En 1989, la série Miami Vice roule vers sa fin. Entre la production des épisodes de l’éphémère Crime Story (1) et la pré-production de The Last of the Mohicans, Michael Mann emballe en trois petites semaines L.A Takedown (également titré Made in L.A), sorte de continuation pour le petit écran de son magnifique Thief (le plan fugace d’une télévision le diffusant fait symboliquement assumer cette filiation) et prototype du futur Heat. Dans l’un des bonus du DVD zone 2 (2), le réalisateur explique qu’il évite de trop mettre en parallèle le téléfilm et le duel au sommet De Niro/Pacino, que ce serait comparer « un café lyophilisé et un grand arabica ». Pour le pauvre spectateur que nous sommes, piégé par notre cinéphilie, impossible de ne pas le faire, étant entendu qu’il serait quelque peu spécieux de mettre dos à dos disons, la qualité de l’image et une poignée de clichés de l’époque, duel perdu d’avance : L.A Takedown, c’est du plein cadre, une image un peu « cra-cra », un peu « floue », une définition que n’aide pas l’édition DVD (malgré tout en VO sous-titrée, ouf). Et ne parlons pas, bien qu’en déclin, de la mode capillaire coupe « canard » (mais pas un seul catogan à l’horizon, merci) et d’un type de physique à la Ken Wahl, contrebalancé par les présences de seconds couteaux tels que Xander Berkeley, Michael Rooker, Daniel Baldwin… Il y a plus important.

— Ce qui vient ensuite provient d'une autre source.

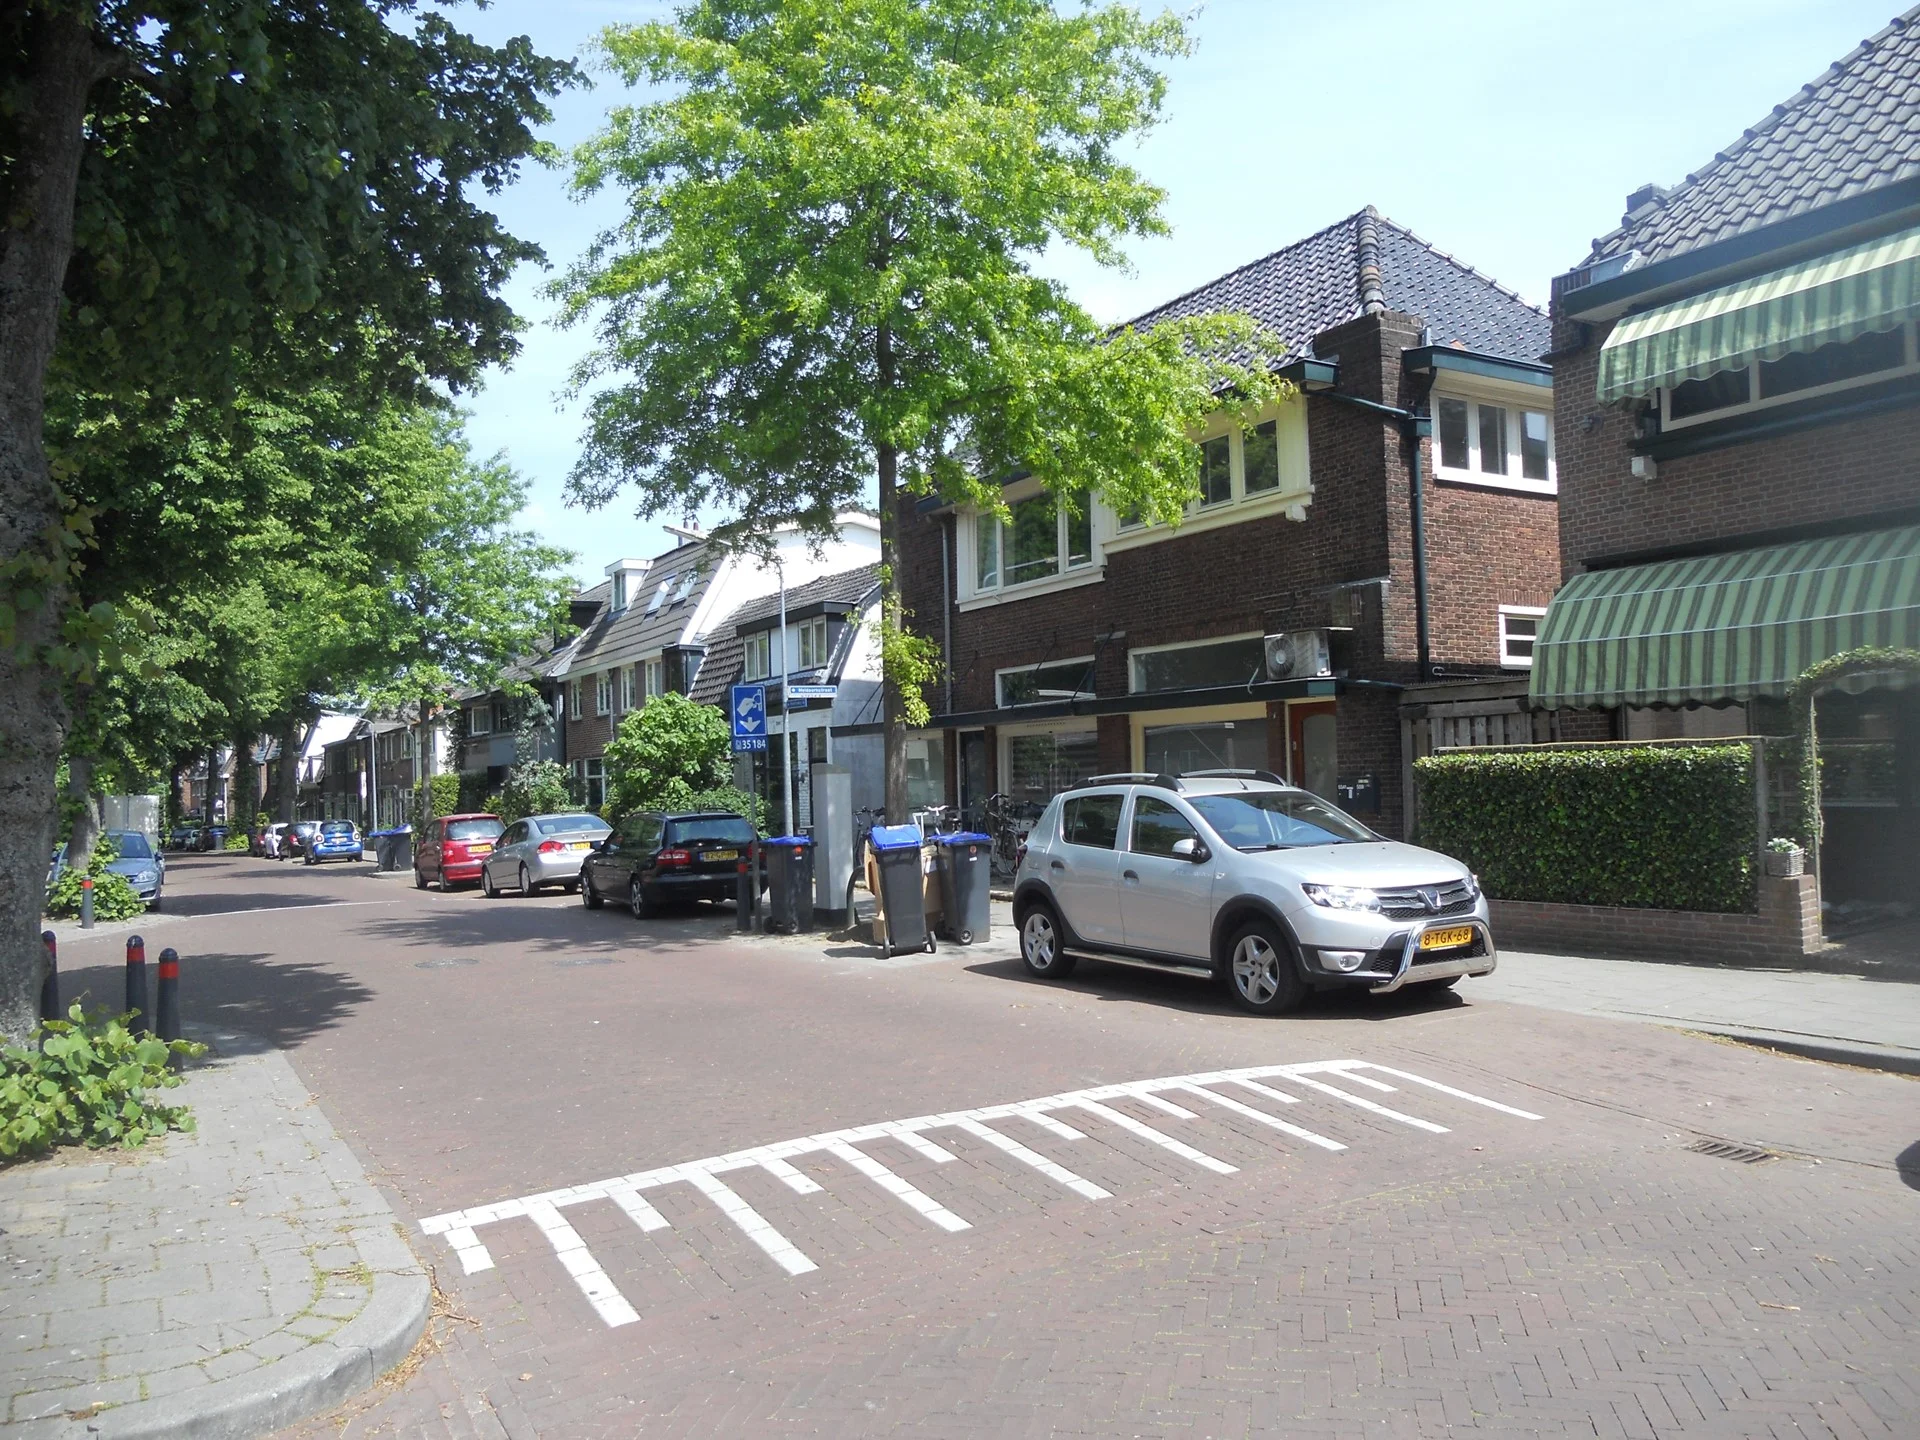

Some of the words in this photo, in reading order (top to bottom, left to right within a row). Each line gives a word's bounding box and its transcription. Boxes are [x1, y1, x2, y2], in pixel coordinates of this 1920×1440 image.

[741, 740, 751, 749] 35
[753, 740, 766, 748] 184
[1424, 929, 1469, 945] 8-TGK-68

Les deux œuvres sont nées d’un même scénario, écrit depuis plusieurs années, que Mann tenait à mettre en forme non seulement en raison de son intérêt pour l’architecture (au sens large) de Los Angeles mais parce que les deux personnages principaux, les hommes du gang de braqueurs, Waingro et Vincent Hanna ont tous existé, que la confrontation entre les meneurs eu bien lieu (à Chicago), s’achevant effectivement par la mort brutale du véritable Neil McCauley. Une histoire marquante qui lui fut rapportée notamment par plusieurs policiers ou ex-policiers, dont son ami Denis Farina.
Même si le scénario original est ici largement amputé puisque il existe une différence d’une bonne heure entre ses deux versions, L.A Takedown est tout de même redoutablement efficace. Il est sans surprise au-dessus du tout-venant télévisuel, d’une élégance symbolisée par les costards que portent à peu près tous les protagonistes. Et l’essentiel de ce qui fait l’importance de Heat est ici présent, qu’il s’agisse de l’intrigue, de la psychologie des personnages, de l’agencement des scènes, de lignes dialoguées, des attitudes physiques, des scènes d’action (ne manque guère à ce titre que l’embuscade dans le parking du drive-in). La sensation de copier-coller, ou plutôt de remake, ou plutôt de ré-adaptation, est, on s’en doutait, frappante. Ainsi s’imposent les similitudes entre nombres décors, le goût du cinéaste pour les structures architecturales, l’épure des intérieurs, la sensualité dans l’intime (via les images des couples dans leur lit et celui du flic et de sa compagne sous la douche), les plans en « apesanteur », en particulier cette vision quasi surréaliste d’un palmier en feu en arrière-plan des dernières secondes entre le bandit tragique et sa belle Eady en train d’encaisser la vérité sur un homme hors du commun qui n’est, et bé non, pas un vendeur de piscines.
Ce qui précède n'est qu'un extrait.